“Like the destruction of Sennacherib’s army”: Massive beeper attack targets Hezbollah
A wave of exploding beepers held by Hezbollah members in Lebanon killed nine people, wounding another 2,750, including some 200 people in critical condition on Tuesday afternoon. There were also reports of similar beeper explosions wounding people in Syria.
Reuters reported that Hezbollah imported about 5,000 beepers several months ago. The Lebanese security source said the pagers were from Taiwan-based Gold Apollo, but the company did not manufacture the devices. It said they were made by BAC, which has a license to use its brand, but it gave no more details.
Hezbollah fighters have been using pagers as a low-tech means of communication in an attempt to evade Israeli location-tracking, two sources familiar with the group’s operations told Reuters this year.
In a televised speech on Feb. 13, Hezbollah’s Secretary General Hassan Nasrallah sternly warned supporters that their phones were more dangerous than Israeli spies, saying they should break, bury, or lock them in an iron box.
A “senior Lebanese security source” told Reuters that the devices had been modified by Israel’s spy service “at the production level.”
“The Mossad injected a board inside of the device that has explosive material that receives a code,” the source said. “It’s very hard to detect it through any means. Even with any device or scanner.”
Another security source told Reuters that up to three grams of explosives were hidden in the new pagers and had gone “undetected” by Hezbollah for months.
3,000 pagers exploded when a coded message was sent to them, simultaneously activating the explosives.

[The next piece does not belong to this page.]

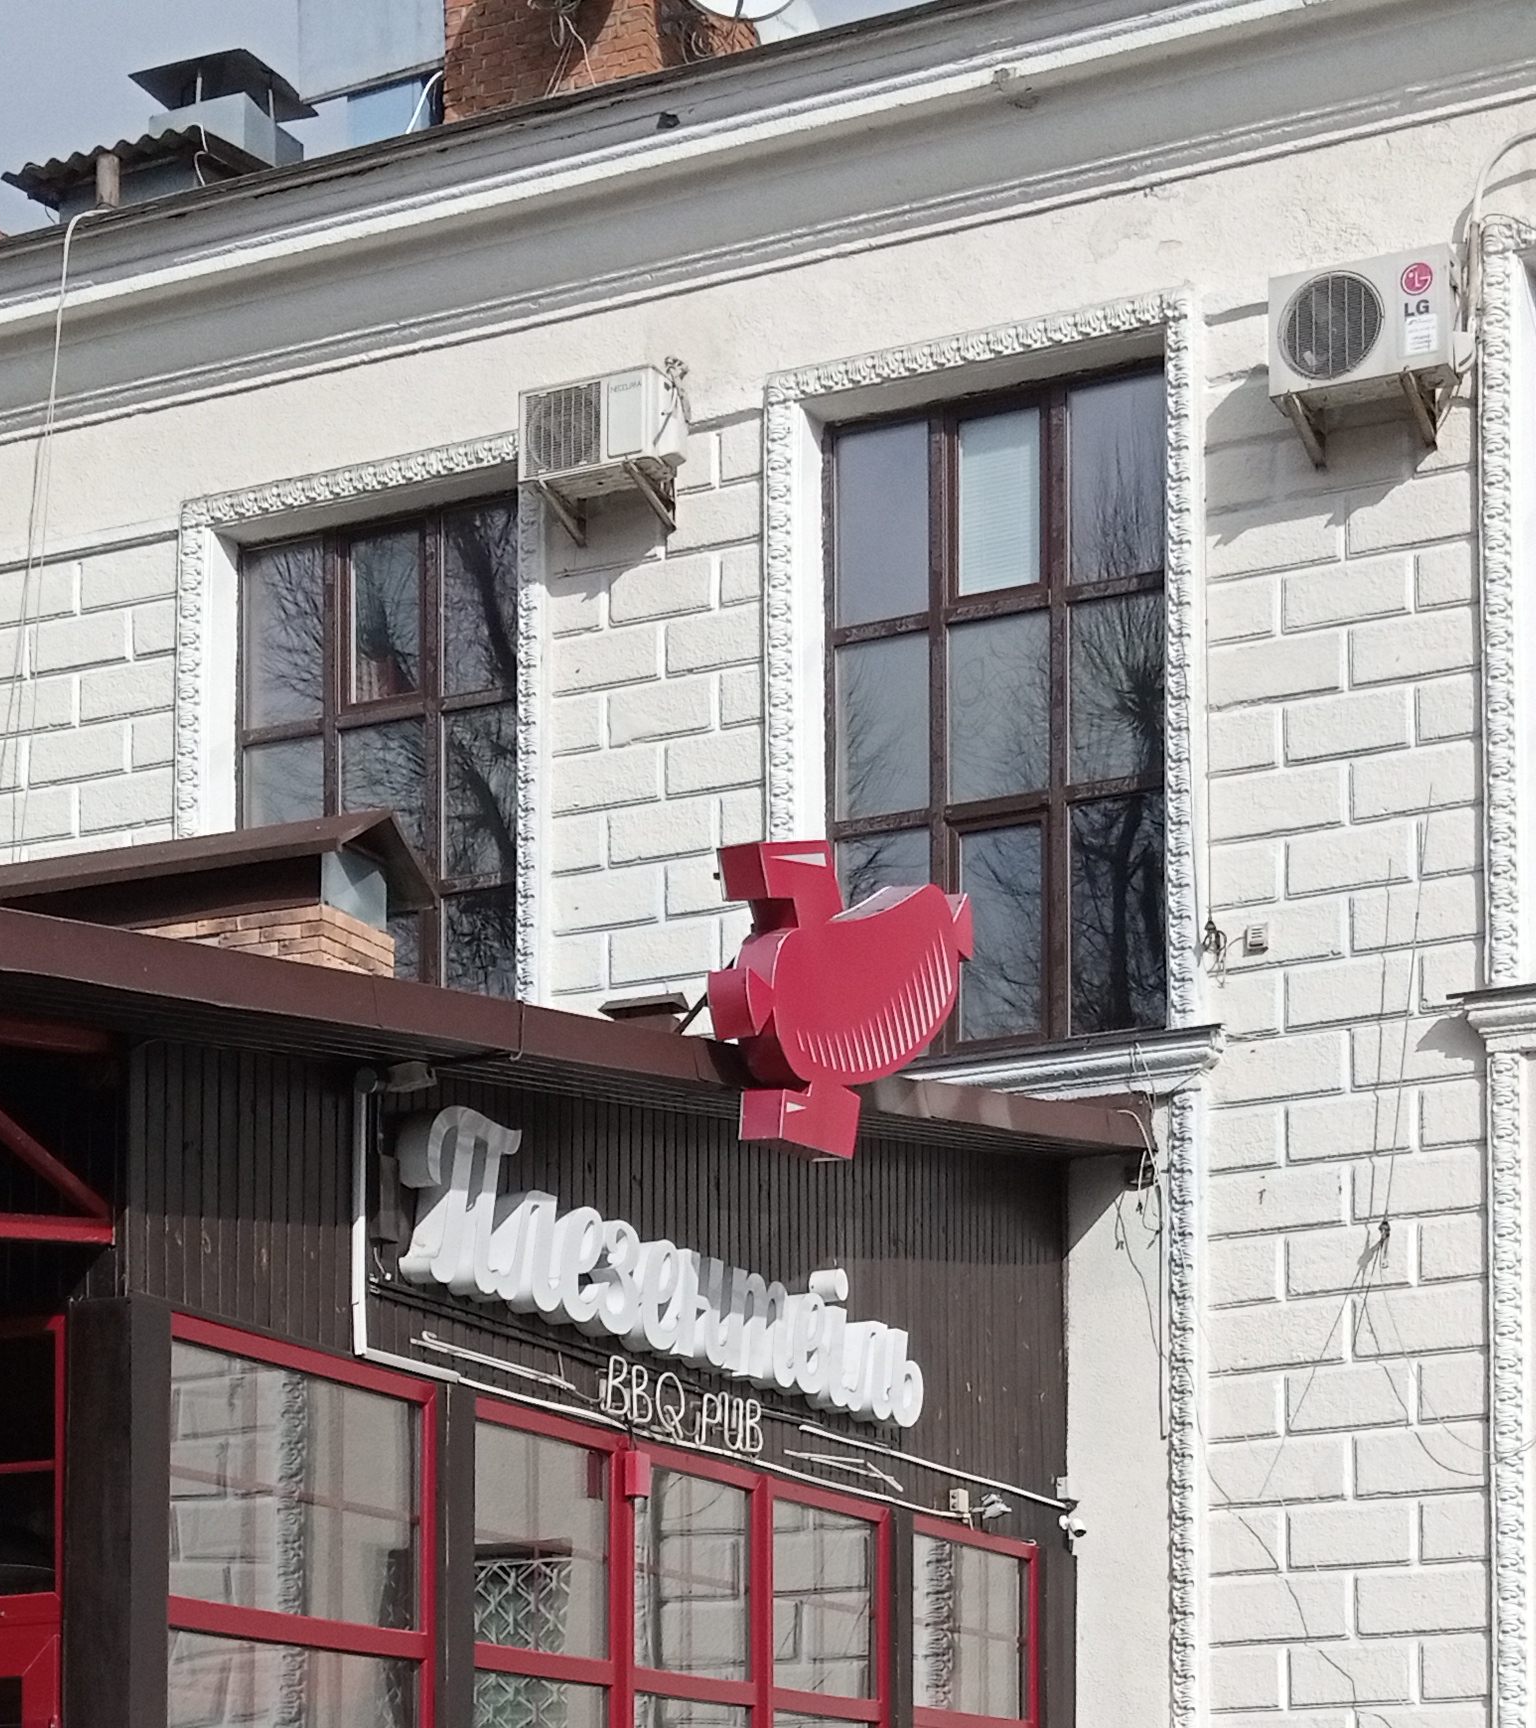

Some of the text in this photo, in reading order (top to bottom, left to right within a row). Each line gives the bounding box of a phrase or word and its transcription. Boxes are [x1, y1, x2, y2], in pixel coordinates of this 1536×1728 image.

[1404, 299, 1430, 318] LG
[600, 1355, 763, 1452] BBQ PUB

“This would easily be the biggest counterintelligence failure that Hezbollah has had in decades,” said Jonathan Panikoff, the U.S. government’s former deputy national intelligence officer on the Middle East.
The source of the attack is still unknown but Iran-backed Hezbollah has vowed to retaliate against Israel. Israel typically does not comment on military operations outside of its borders. Hezbollah said in a statement on Wednesday that “the resistance will continue today, like any other day, its operations to support Gaza, its people, and its resistance which is a separate path from the harsh punishment that the criminal enemy (Israel) should await in response to Tuesday’s massacre.”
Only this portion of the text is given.